I-40: Non Invasive Prenatal Genetic Diagnosis;Current Status and The Future

Discovery of cell free fetal DNA in 1997 has deeply changed the outlook of prenatal diagnosis approaches as most of the clinically established screening tests are not sensitive/specific enough while the current practical diagnostic tests are also invasive in their nature. The most common prenatal screening test is routinely practiced for the diagnosis of Down syndrome (DS) which includes a 10% failure in diagnosis of pregnancies with DS, whilst 19 from 20 positive-screened are also falsely positive. In addition, definite diagnosis of DS pregnancies can be achieved by invasive procedures of amniocentesis and or CVS which will contain a risk of 0.5 to 1% for fetal loss. Non-invasive prenatal genetic diagnosis (NIPNGD) relies on genotyping of the fetus rather than phenotypic evaluations and is done through separation of fetal cells or nucleic acids from maternal blood. In the last 15 years, an increasing number of researches were done on NIPNGD which in turn have brought it to the edge of approval for clinical application at least in some prenatal conditions like DS. Nowadays, NIPNGD methods are broadly under investigation to determine their applicability in various fetomaternal conditions such as fetal sex determination, aneuploidies, single gene disorders, microdeletions and microduplications, Rhesus incompatibility, fetal growth restrictions, preeclampsia, preterm labor and so on. These approaches are mostly based on detecting fetal nucleic acids in maternal blood as the number of intact fetal cells and the methods for their separation from maternal blood are quietly limited. The two important obstacles that have hindered the use of cell free fetal DNA in NIPNGD are the very low ratio of fetal DNA in maternal blood (3 to 6%) and difficulty in distinguishing fetal DNA from maternal DNA. These difficulties are mostly affecting the result of conventional methods such as PCR and Sanger sequencing.
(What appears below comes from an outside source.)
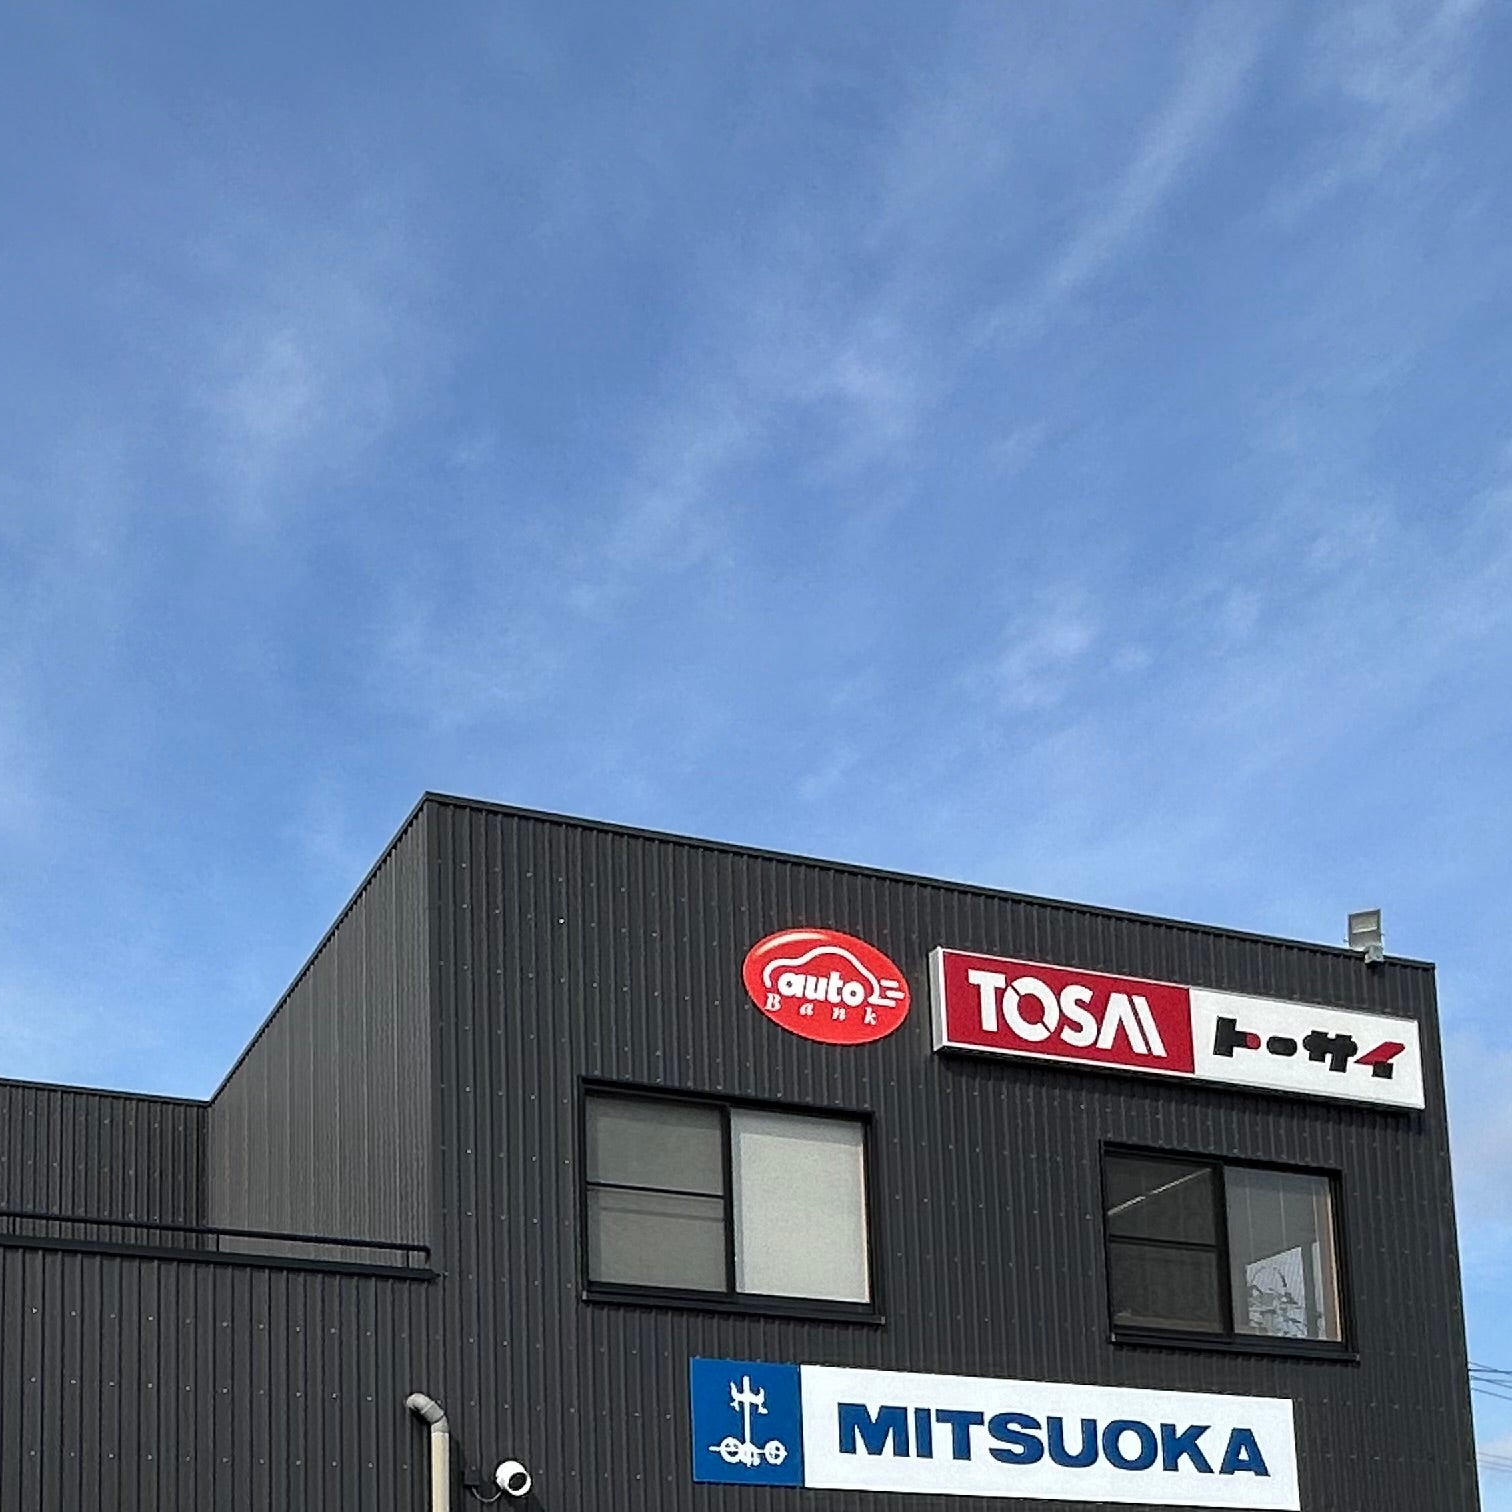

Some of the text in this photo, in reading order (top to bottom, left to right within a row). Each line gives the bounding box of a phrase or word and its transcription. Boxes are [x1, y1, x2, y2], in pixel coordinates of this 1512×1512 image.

Sophisticated and highly throughput new approaches such as array CGH and next generation sequencing (NGS) are promising to be able to overcome these drawbacks. At the present, NGS is going to be clinically applicable for screening trisomic pregnancies with 100% sensitivity and specificity. It is predictable that these methods can be extensively applied in the clinic for non-invasive prenatal diagnosis of various genetic conditions in the future.